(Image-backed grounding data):
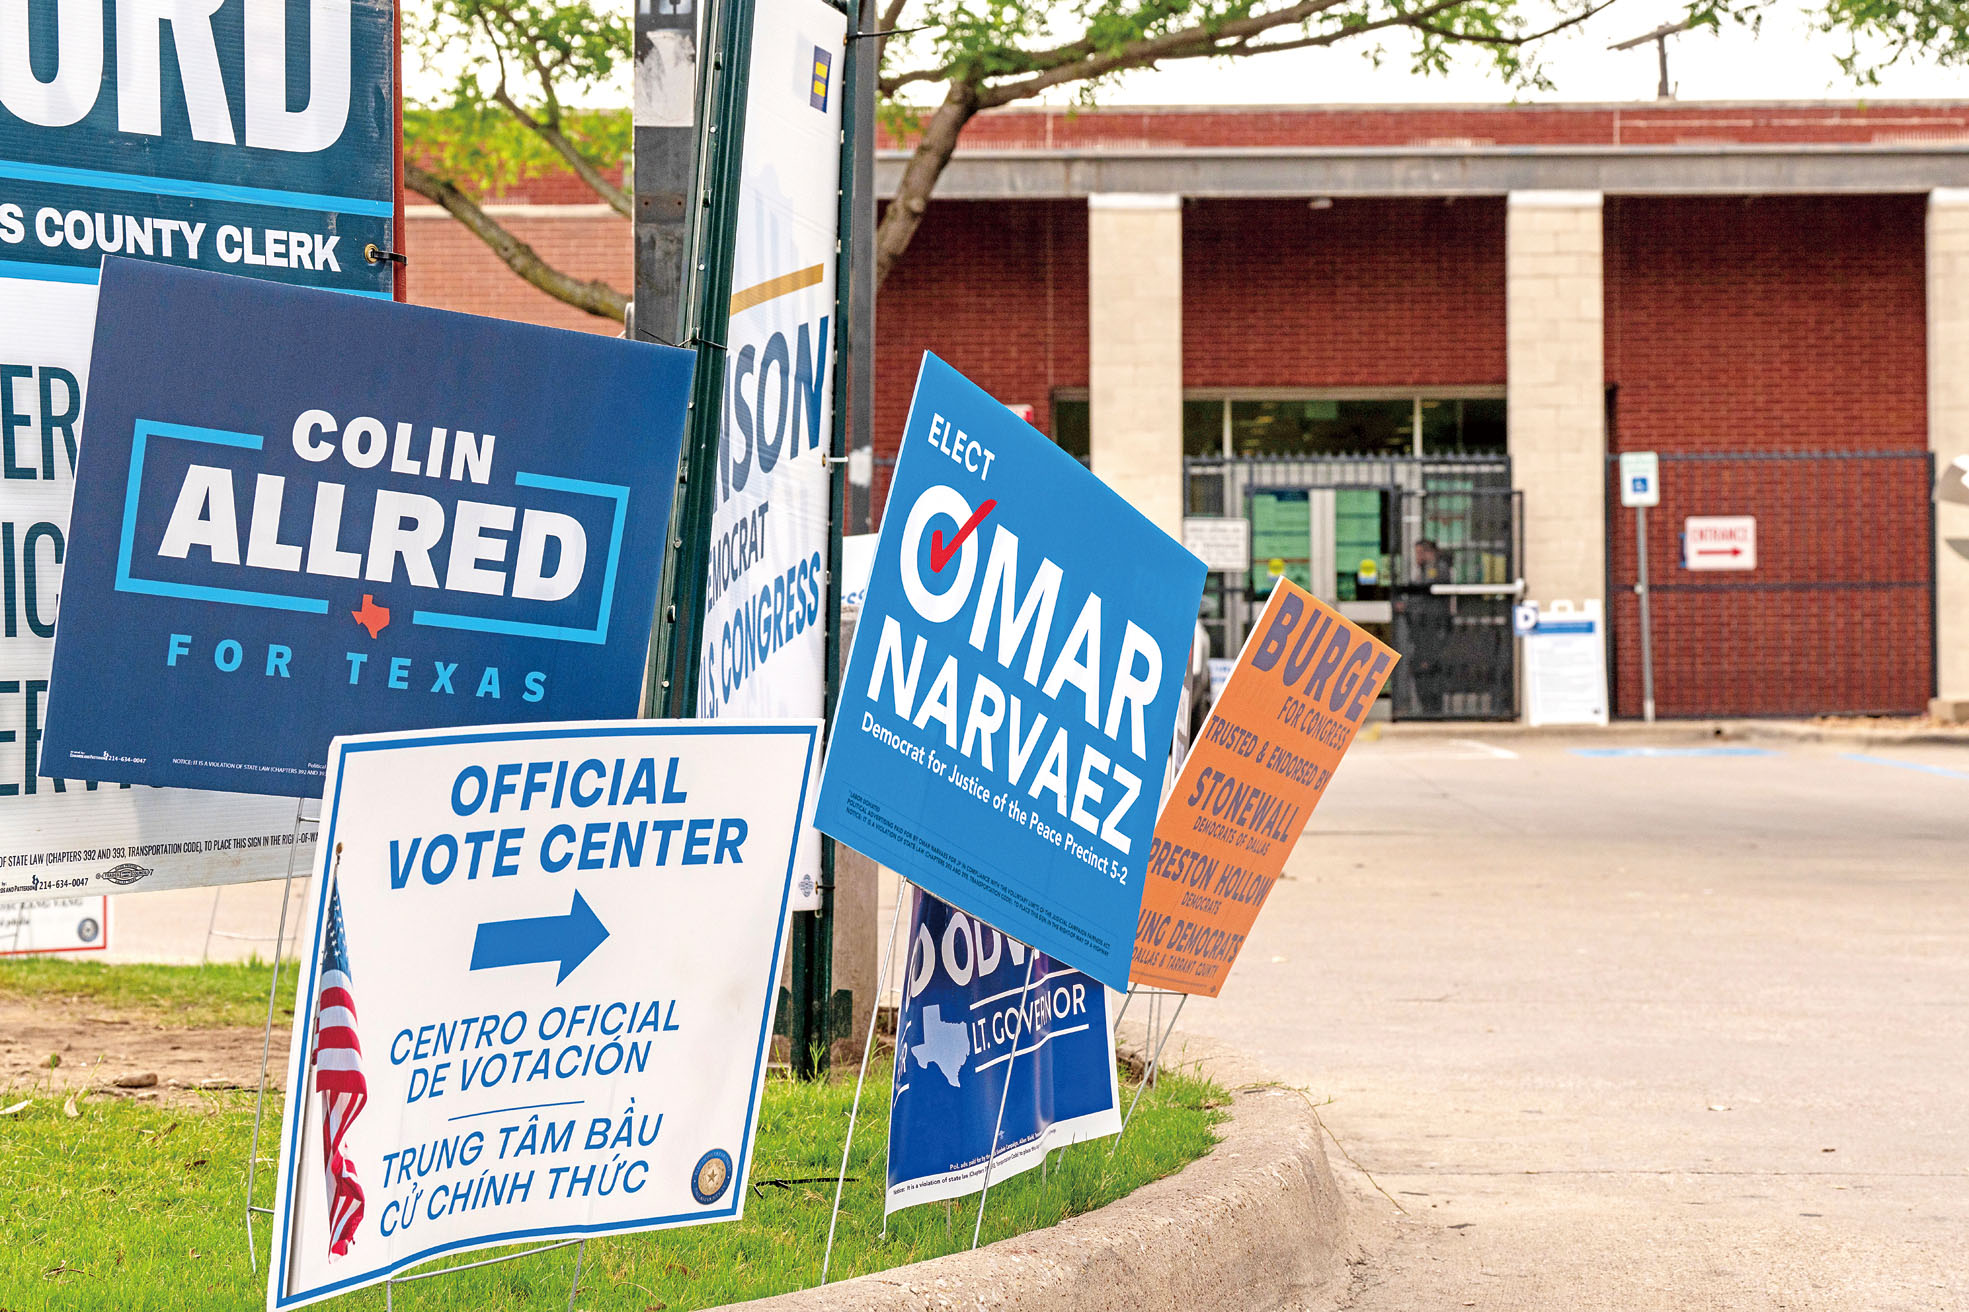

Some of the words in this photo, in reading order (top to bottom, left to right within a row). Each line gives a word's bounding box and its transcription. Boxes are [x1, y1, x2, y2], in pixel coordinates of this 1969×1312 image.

[35, 207, 206, 259] COUNTY
[216, 225, 341, 272] CLERK
[292, 409, 496, 484] COLIN
[927, 412, 995, 481] ELECT
[157, 464, 587, 601] ALLRED
[721, 551, 821, 704] CONGRESS
[900, 485, 1163, 762] OMAR
[1251, 591, 1390, 723] BURGE
[167, 633, 293, 678] FOR
[346, 652, 547, 703] TEXAS
[866, 614, 1143, 856] NARVAEZ
[1205, 714, 1259, 758] TRUSTED
[1256, 740, 1270, 763] &
[1266, 746, 1318, 787] ENDORSED
[1314, 769, 1333, 792] BY
[1277, 696, 1305, 728] FOR
[1300, 708, 1351, 750] CONGRESS
[208, 761, 235, 769] VIOLATION
[450, 757, 687, 816] OFFICIAL
[861, 711, 925, 767] Democrat
[927, 749, 947, 778] for
[947, 763, 990, 802] Justice
[993, 791, 1007, 813] of
[1008, 800, 1028, 826] the
[1029, 810, 1063, 847] Peace
[1064, 832, 1108, 876] Precinct
[1110, 859, 1128, 886] 5-2
[1187, 766, 1300, 843] STONEWALL
[1193, 816, 1237, 845] DEMOCRATS
[1235, 833, 1248, 847] OF
[1245, 837, 1271, 857] DALLAS
[8, 855, 28, 867] STATE
[29, 853, 44, 865] LAW
[45, 850, 82, 866] (CHAPTERS
[83, 850, 97, 862] 392
[97, 848, 111, 860] AND
[112, 847, 127, 859] 393,
[128, 842, 182, 858] TRANSPORTATION
[204, 840, 212, 852] TO
[213, 838, 232, 851] PLACE
[233, 837, 247, 849] THIS
[248, 836, 262, 848] SIGN
[263, 835, 269, 847] IN
[270, 834, 281, 846] THE
[39, 878, 88, 890] 214-634-0047
[388, 827, 526, 890] VOTE
[539, 818, 749, 873] CENTER
[1147, 837, 1219, 892] PRESTON
[1213, 864, 1274, 907] HOLLOW
[1180, 891, 1222, 915] DEMOCRATS
[1131, 946, 1160, 966] DALLAS
[1166, 955, 1197, 975] TARRANT
[1195, 962, 1219, 979] COUNTY
[1166, 919, 1244, 963] DEMOCRATS
[389, 1010, 528, 1066] CENTRO
[538, 1000, 680, 1041] OFICIAL
[972, 1017, 990, 1055] LT.
[992, 984, 1086, 1045] GOVERNOR
[407, 1062, 450, 1104] DE
[459, 1034, 651, 1091] VOTACIÓN
[382, 1131, 485, 1188] TRUNG
[498, 1114, 577, 1160] TÂM
[584, 1096, 664, 1150] BẦU
[380, 1181, 428, 1238] CỬ
[426, 1168, 535, 1221] CHÍNH
[547, 1153, 650, 1200] THỨC
[919, 1179, 940, 1187] violation

(Exercise details): If a line of the data holds the string "COUNTY", list it.

(Result below):
[35, 207, 206, 259] COUNTY
[1195, 962, 1219, 979] COUNTY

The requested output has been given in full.